(Collected data)
########################################

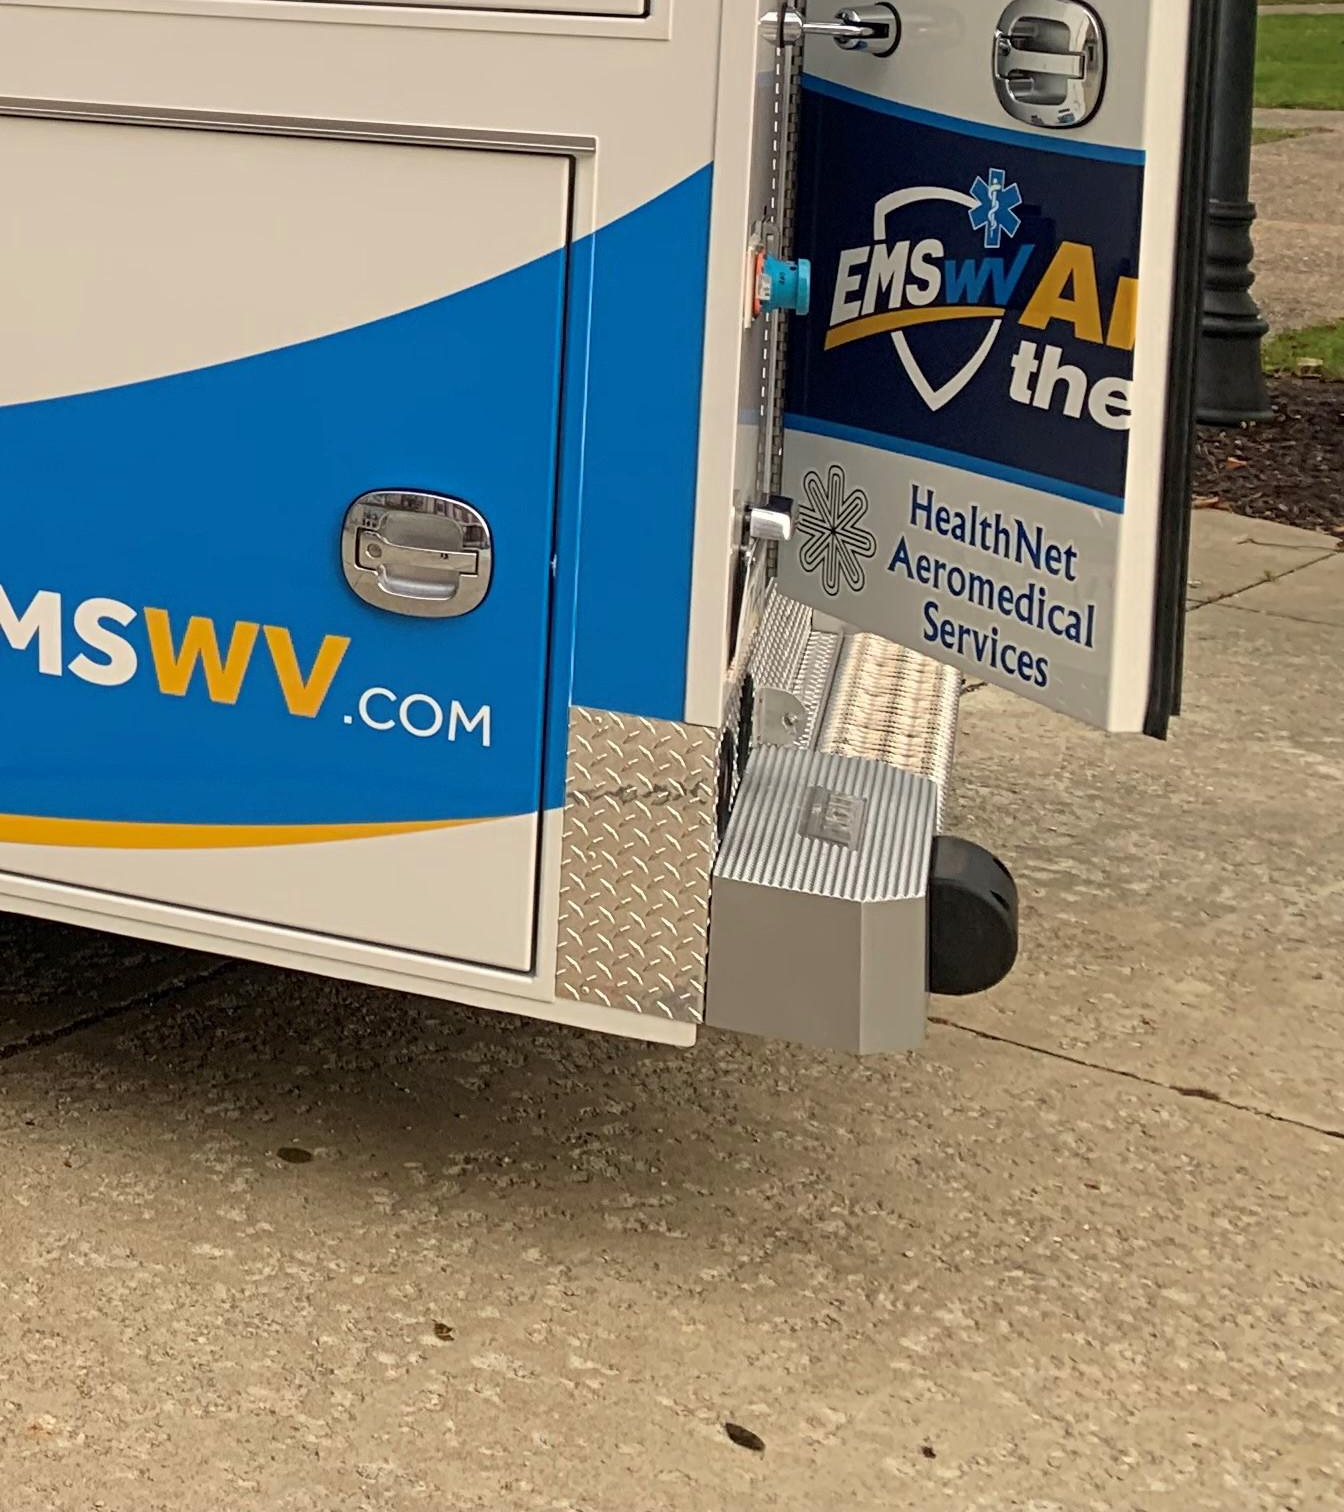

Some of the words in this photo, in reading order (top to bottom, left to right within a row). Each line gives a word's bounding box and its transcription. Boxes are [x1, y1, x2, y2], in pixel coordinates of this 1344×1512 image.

[1009, 340, 1134, 431] the
[910, 484, 1078, 582] HealthNet
[887, 536, 1095, 649] Aeromedical
[923, 600, 1049, 688] Services
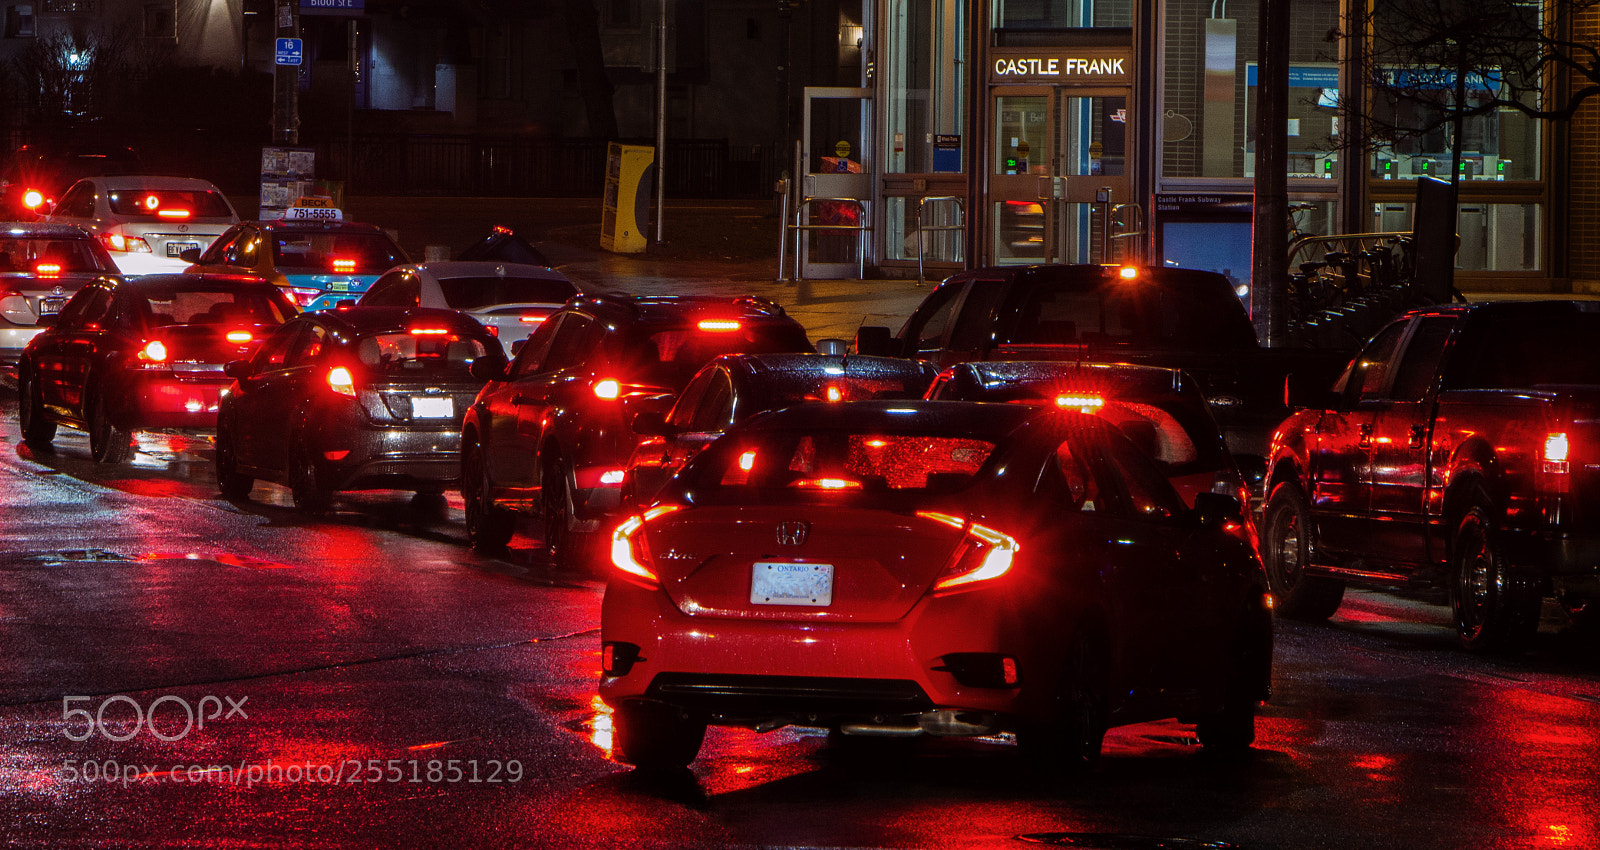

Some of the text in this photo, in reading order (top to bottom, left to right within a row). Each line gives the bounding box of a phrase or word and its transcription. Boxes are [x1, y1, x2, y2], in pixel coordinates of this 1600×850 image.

[284, 41, 294, 50] 16
[995, 58, 1125, 75] CASTLE FRANK
[301, 199, 327, 207] BECK
[1197, 196, 1222, 204] Subway
[293, 208, 337, 219] 751-5555
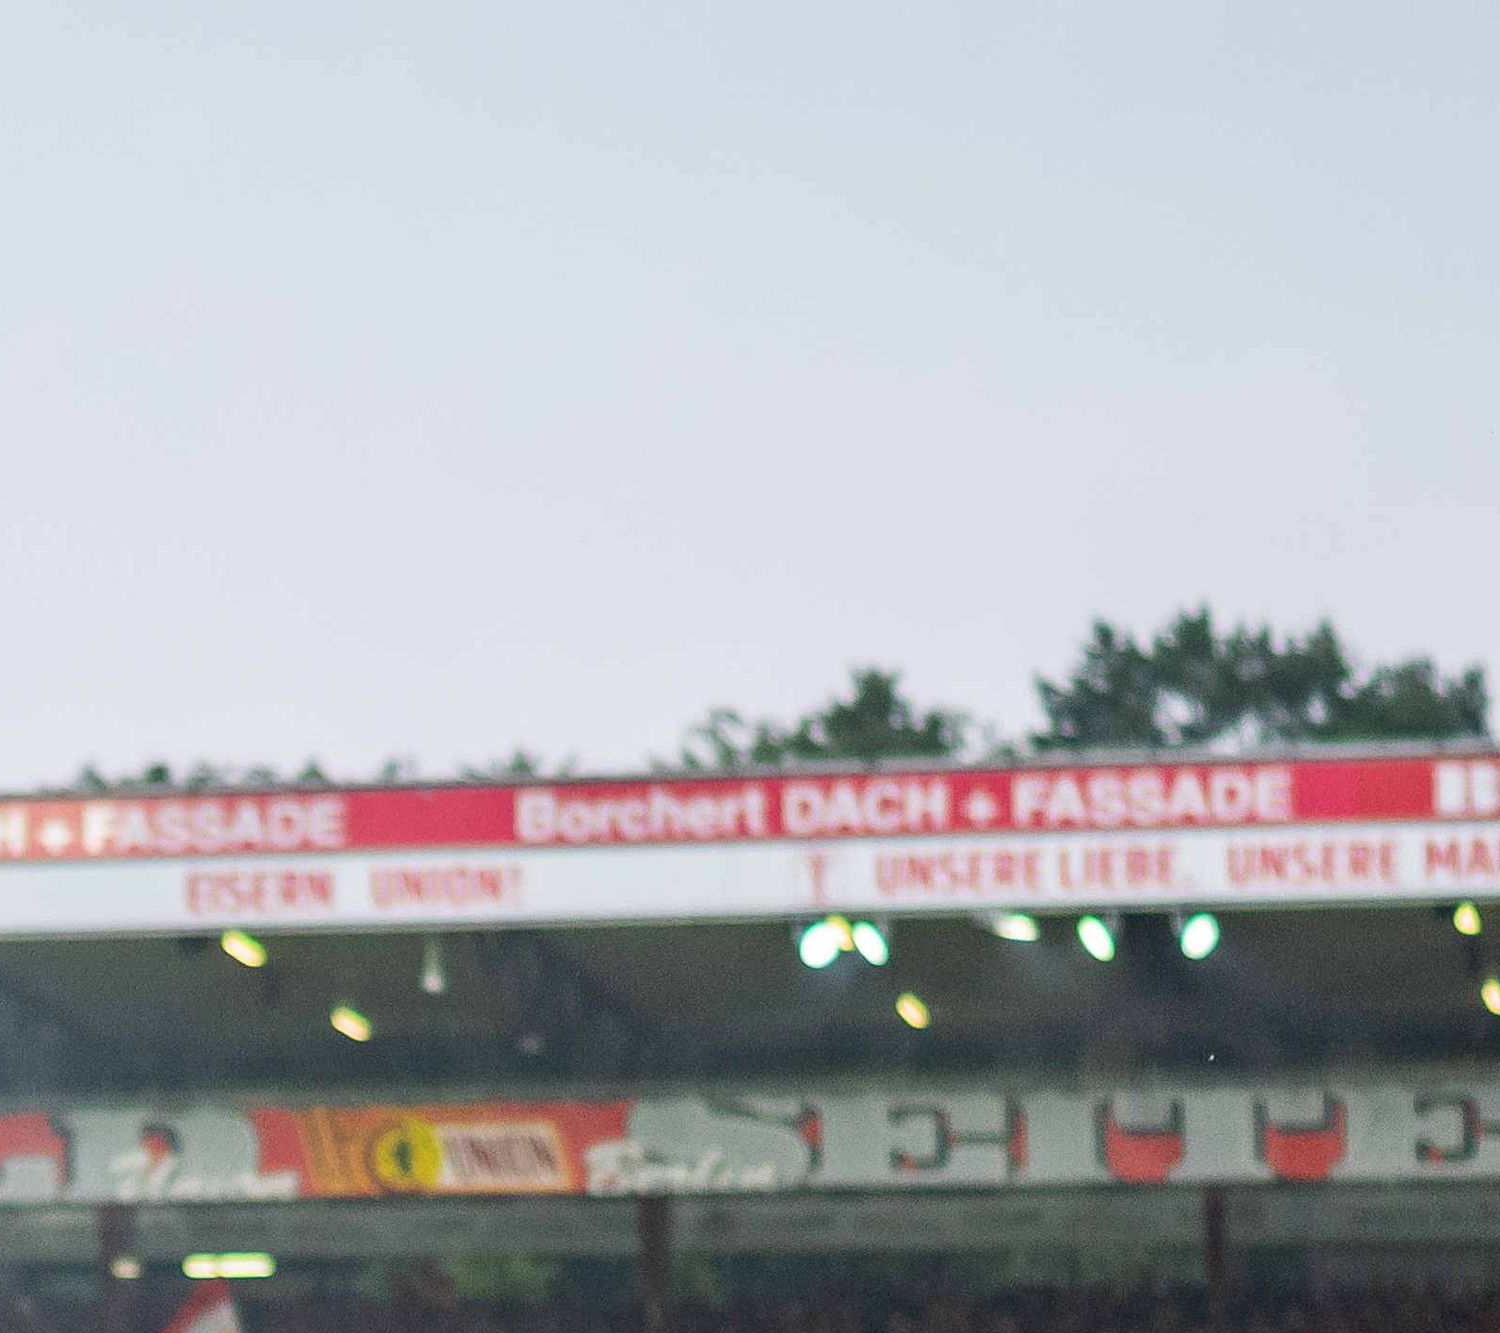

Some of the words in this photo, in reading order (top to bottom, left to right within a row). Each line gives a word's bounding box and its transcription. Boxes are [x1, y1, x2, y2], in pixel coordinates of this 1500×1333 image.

[82, 798, 344, 856] FASSADE
[785, 778, 947, 834] DACH
[1014, 768, 1292, 826] FASSADE

########################################

* [Task to complete]
Every line from the one containing "this 1500×1333 image." through the last line above should be retyped exactly; no other lines are wanted.

* [Result of this task]
Some of the words in this photo, in reading order (top to bottom, left to right within a row). Each line gives a word's bounding box and its transcription. Boxes are [x1, y1, x2, y2], in pixel coordinates of this 1500×1333 image.

[82, 798, 344, 856] FASSADE
[785, 778, 947, 834] DACH
[1014, 768, 1292, 826] FASSADE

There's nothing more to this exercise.